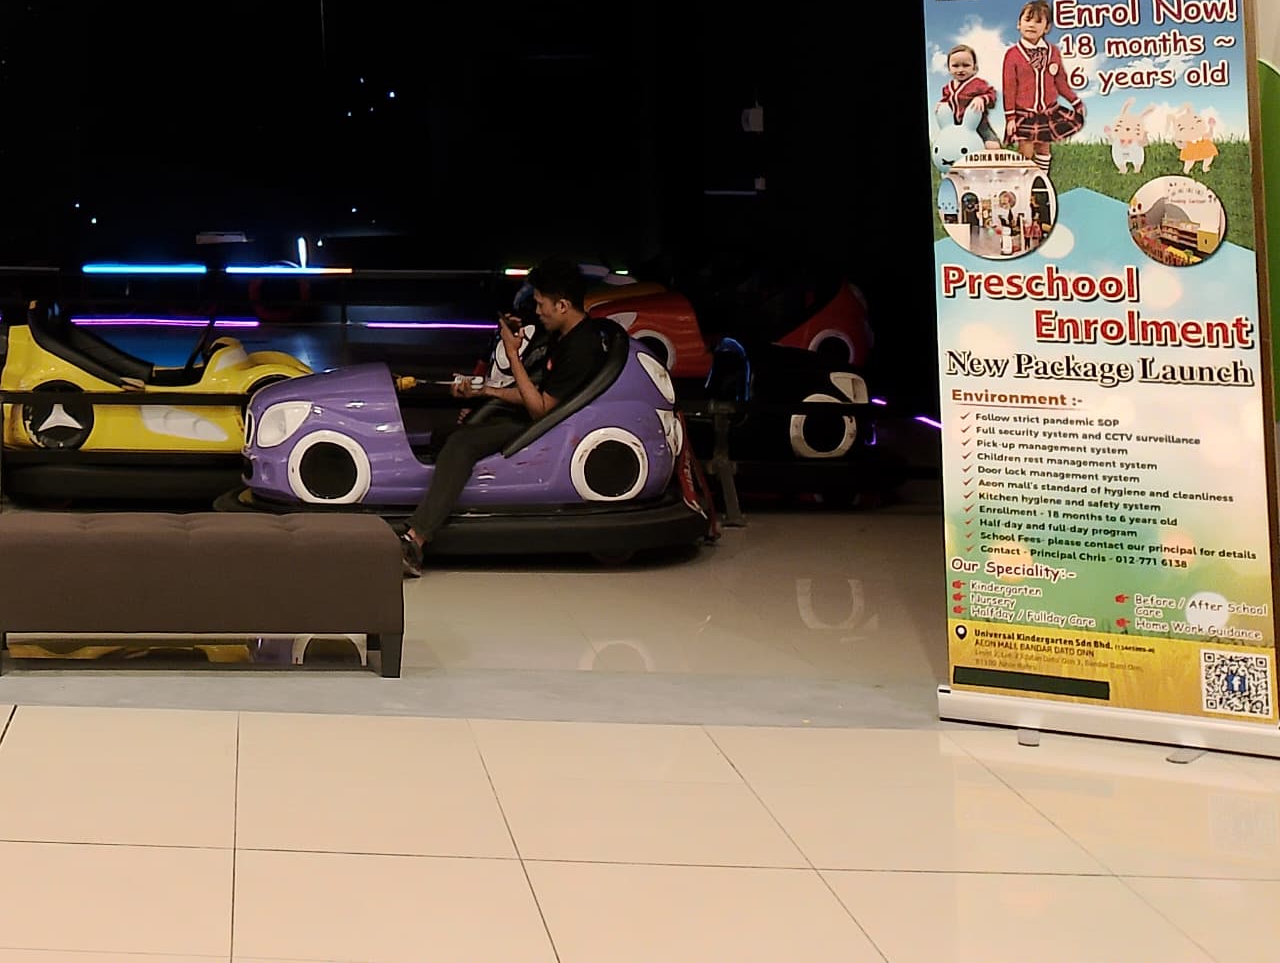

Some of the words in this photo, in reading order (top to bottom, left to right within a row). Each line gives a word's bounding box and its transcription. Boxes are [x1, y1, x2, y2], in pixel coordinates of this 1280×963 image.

[1062, 35, 1095, 57] 18
[1106, 30, 1205, 56] months
[1070, 67, 1087, 88] 6
[1099, 67, 1175, 95] years
[1186, 60, 1229, 85] old
[941, 263, 1141, 302] Preschool
[1034, 309, 1255, 349] Enrolment
[945, 350, 1009, 378] New
[1014, 352, 1134, 387] Package
[1139, 356, 1255, 387] Launch
[951, 388, 1067, 406] Environment
[975, 414, 1010, 422] Follow
[1012, 416, 1040, 424] strict
[1042, 418, 1094, 426] pandemic
[1097, 418, 1119, 426] SOP
[976, 426, 995, 434] Full
[998, 428, 1038, 438] security
[1042, 430, 1078, 440] system
[1081, 432, 1100, 440] and
[1104, 432, 1132, 442] CCTV
[1135, 436, 1200, 444] surveillance
[976, 440, 1015, 450] Pick-up
[1018, 444, 1086, 452] management
[1090, 446, 1128, 456] system
[976, 452, 1020, 462] Children
[1023, 456, 1042, 464] rest
[1046, 458, 1116, 468] management
[1120, 462, 1157, 470] system
[977, 466, 1001, 474] Door
[1004, 466, 1026, 476] lock
[1029, 470, 1098, 480] management
[1102, 474, 1140, 482] system
[978, 480, 1004, 488] Aeon
[1007, 482, 1038, 490] mall's
[1041, 484, 1087, 494] standard
[1090, 486, 1100, 494] of
[1104, 486, 1146, 498] hygiene
[1149, 490, 1169, 498] and
[1172, 492, 1234, 502] cleanliness
[978, 492, 1018, 502] Kitchen
[1021, 494, 1062, 504] hygiene
[1064, 498, 1084, 506] and
[1088, 500, 1120, 510] safety
[1122, 502, 1160, 512] system
[979, 506, 1036, 516] Enrollment
[1047, 510, 1058, 518] 18
[1062, 512, 1102, 522] months
[1105, 514, 1116, 522] to
[1160, 518, 1178, 526] old
[980, 518, 1022, 530] Half-day
[1026, 522, 1044, 530] and
[1048, 524, 1088, 536] full-day
[1091, 528, 1137, 538] program
[980, 532, 1014, 542] School
[1047, 536, 1080, 546] please
[1084, 542, 1124, 550] contact
[1148, 544, 1196, 556] principal
[1200, 548, 1214, 556] for
[1218, 550, 1256, 560] details
[980, 544, 1020, 556] Contact
[1030, 548, 1076, 560] Principal
[1078, 552, 1106, 562] Chris
[1161, 558, 1187, 568] 6138
[951, 558, 978, 572] Our
[970, 579, 1041, 597] Kindergarten
[970, 594, 1015, 609] Nursery
[1134, 594, 1176, 608] Before
[1188, 598, 1222, 612] After
[1226, 601, 1268, 615] School
[970, 604, 1014, 621] Halfday
[1026, 610, 1066, 626] Fullday
[1068, 614, 1096, 628] Care
[1134, 606, 1163, 618] Care
[1134, 619, 1169, 633] Home
[1171, 622, 1203, 635] Work
[1207, 624, 1262, 639] Guidance
[974, 630, 1014, 640] Universal
[1016, 634, 1072, 646] Kindergarten
[1075, 638, 1090, 648] Sdn
[1094, 640, 1113, 650] Bhd.
[974, 638, 996, 648] AEON
[998, 642, 1018, 650] MALL
[1020, 644, 1052, 652] BANDAR
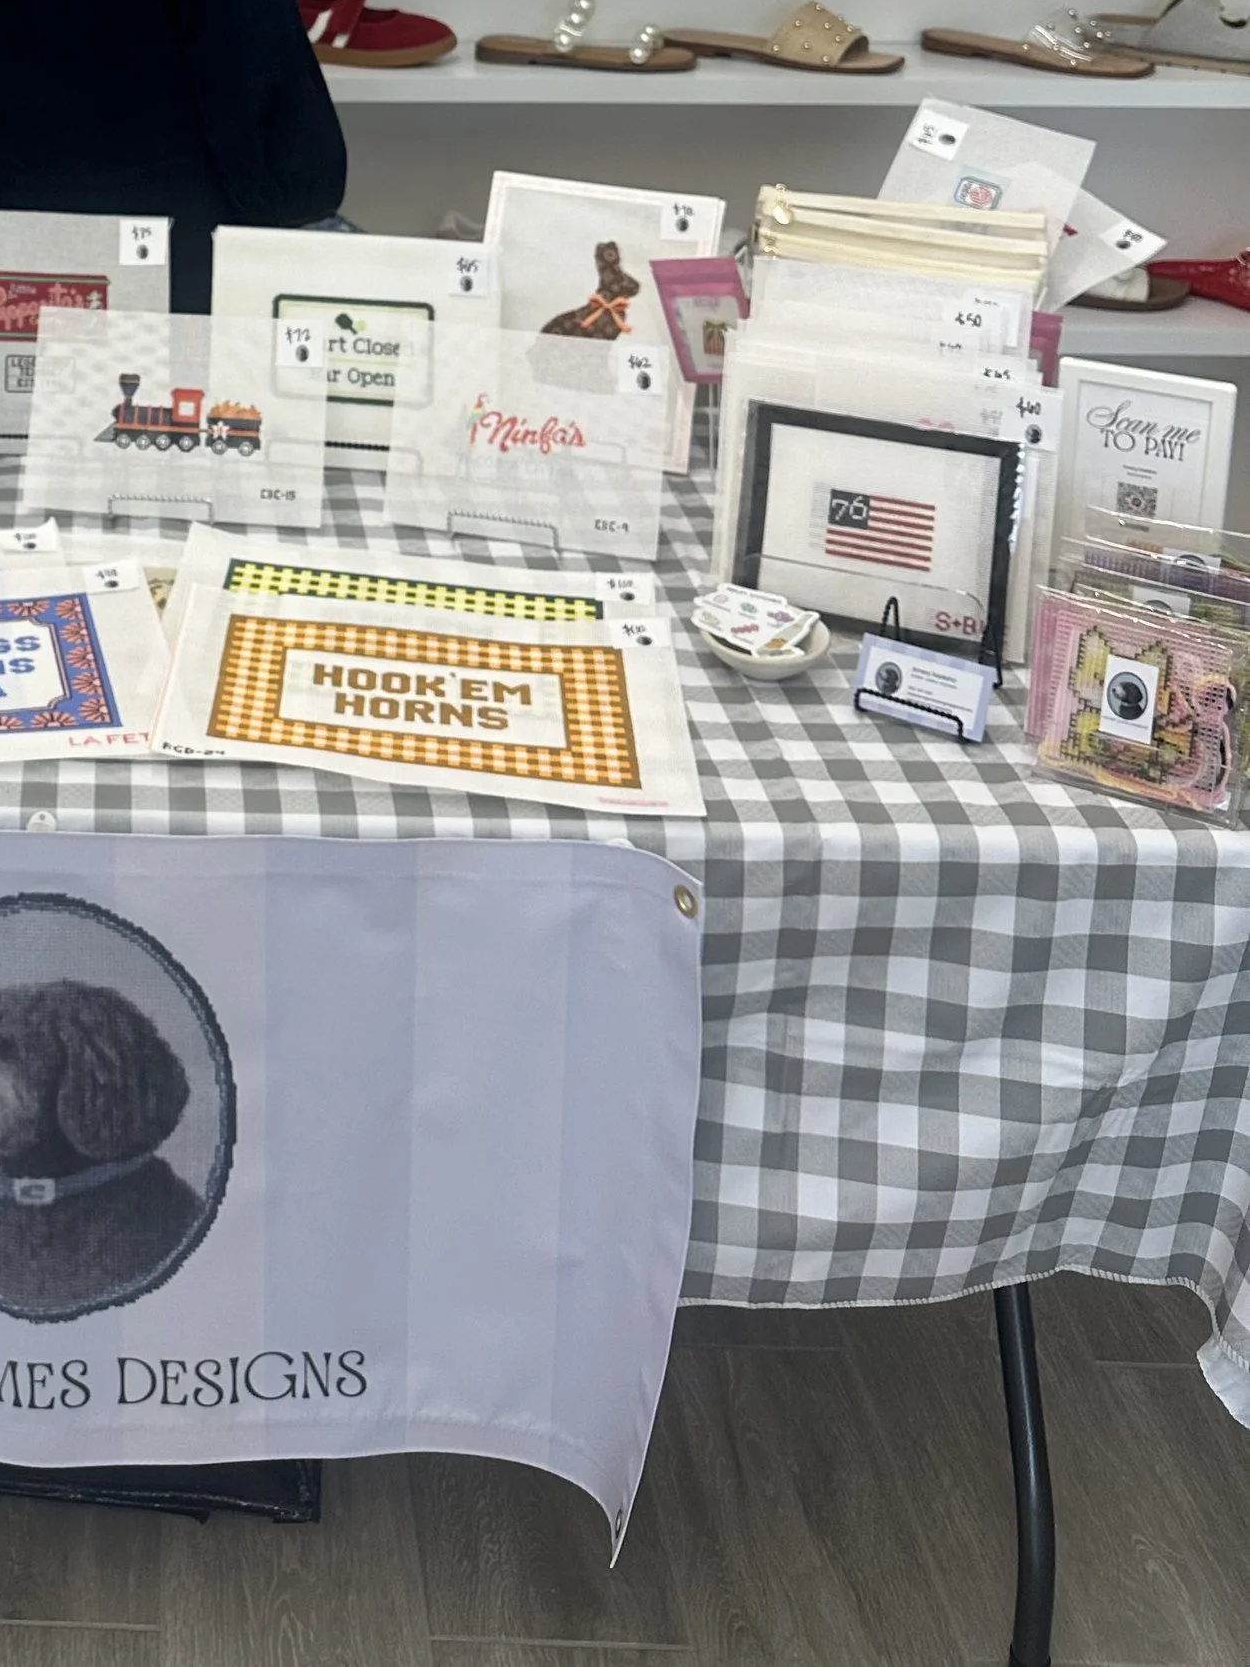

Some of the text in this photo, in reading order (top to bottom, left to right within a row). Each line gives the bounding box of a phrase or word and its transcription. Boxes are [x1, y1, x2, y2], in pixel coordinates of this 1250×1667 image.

[347, 367, 396, 387] Open
[477, 410, 586, 455] Ninfa's
[1086, 399, 1202, 444] Scan me
[1100, 427, 1136, 453] TO
[831, 495, 868, 522] 76
[313, 662, 446, 698] HOOK
[334, 691, 509, 731] HORNS
[116, 1348, 368, 1408] DESIGNS

--------------------

**Directions:**
All of the records need repeating exactly, except for the pictures.

**Output:**
Some of the words in this photo, in reading order (top to bottom, left to right within a row). Each line gives a word's bounding box and its transcription. Boxes are [x1, y1, x2, y2], in pixel coordinates of this 1280×963 image.

[1062, 35, 1095, 57] 18
[1106, 30, 1205, 56] months
[1070, 67, 1087, 88] 6
[1099, 67, 1175, 95] years
[1186, 60, 1229, 85] old
[941, 263, 1141, 302] Preschool
[1034, 309, 1255, 349] Enrolment
[945, 350, 1009, 378] New
[1014, 352, 1134, 387] Package
[1139, 356, 1255, 387] Launch
[951, 388, 1067, 406] Environment
[975, 414, 1010, 422] Follow
[1012, 416, 1040, 424] strict
[1042, 418, 1094, 426] pandemic
[1097, 418, 1119, 426] SOP
[976, 426, 995, 434] Full
[998, 428, 1038, 438] security
[1042, 430, 1078, 440] system
[1081, 432, 1100, 440] and
[1104, 432, 1132, 442] CCTV
[1135, 436, 1200, 444] surveillance
[976, 440, 1015, 450] Pick-up
[1018, 444, 1086, 452] management
[1090, 446, 1128, 456] system
[976, 452, 1020, 462] Children
[1023, 456, 1042, 464] rest
[1046, 458, 1116, 468] management
[1120, 462, 1157, 470] system
[977, 466, 1001, 474] Door
[1004, 466, 1026, 476] lock
[1029, 470, 1098, 480] management
[1102, 474, 1140, 482] system
[978, 480, 1004, 488] Aeon
[1007, 482, 1038, 490] mall's
[1041, 484, 1087, 494] standard
[1090, 486, 1100, 494] of
[1104, 486, 1146, 498] hygiene
[1149, 490, 1169, 498] and
[1172, 492, 1234, 502] cleanliness
[978, 492, 1018, 502] Kitchen
[1021, 494, 1062, 504] hygiene
[1064, 498, 1084, 506] and
[1088, 500, 1120, 510] safety
[1122, 502, 1160, 512] system
[979, 506, 1036, 516] Enrollment
[1047, 510, 1058, 518] 18
[1062, 512, 1102, 522] months
[1105, 514, 1116, 522] to
[1160, 518, 1178, 526] old
[980, 518, 1022, 530] Half-day
[1026, 522, 1044, 530] and
[1048, 524, 1088, 536] full-day
[1091, 528, 1137, 538] program
[980, 532, 1014, 542] School
[1047, 536, 1080, 546] please
[1084, 542, 1124, 550] contact
[1148, 544, 1196, 556] principal
[1200, 548, 1214, 556] for
[1218, 550, 1256, 560] details
[980, 544, 1020, 556] Contact
[1030, 548, 1076, 560] Principal
[1078, 552, 1106, 562] Chris
[1161, 558, 1187, 568] 6138
[951, 558, 978, 572] Our
[970, 579, 1041, 597] Kindergarten
[970, 594, 1015, 609] Nursery
[1134, 594, 1176, 608] Before
[1188, 598, 1222, 612] After
[1226, 601, 1268, 615] School
[970, 604, 1014, 621] Halfday
[1026, 610, 1066, 626] Fullday
[1068, 614, 1096, 628] Care
[1134, 606, 1163, 618] Care
[1134, 619, 1169, 633] Home
[1171, 622, 1203, 635] Work
[1207, 624, 1262, 639] Guidance
[974, 630, 1014, 640] Universal
[1016, 634, 1072, 646] Kindergarten
[1075, 638, 1090, 648] Sdn
[1094, 640, 1113, 650] Bhd.
[974, 638, 996, 648] AEON
[998, 642, 1018, 650] MALL
[1020, 644, 1052, 652] BANDAR

Some of the text in this photo, in reading order (top to bottom, left to right within a row). Each line gives the bounding box of a phrase or word and its transcription. Boxes are [x1, y1, x2, y2], in pixel coordinates of this 1250×1667 image.

[347, 367, 396, 387] Open
[477, 410, 586, 455] Ninfa's
[1086, 399, 1202, 444] Scan me
[1100, 427, 1136, 453] TO
[831, 495, 868, 522] 76
[313, 662, 446, 698] HOOK
[334, 691, 509, 731] HORNS
[116, 1348, 368, 1408] DESIGNS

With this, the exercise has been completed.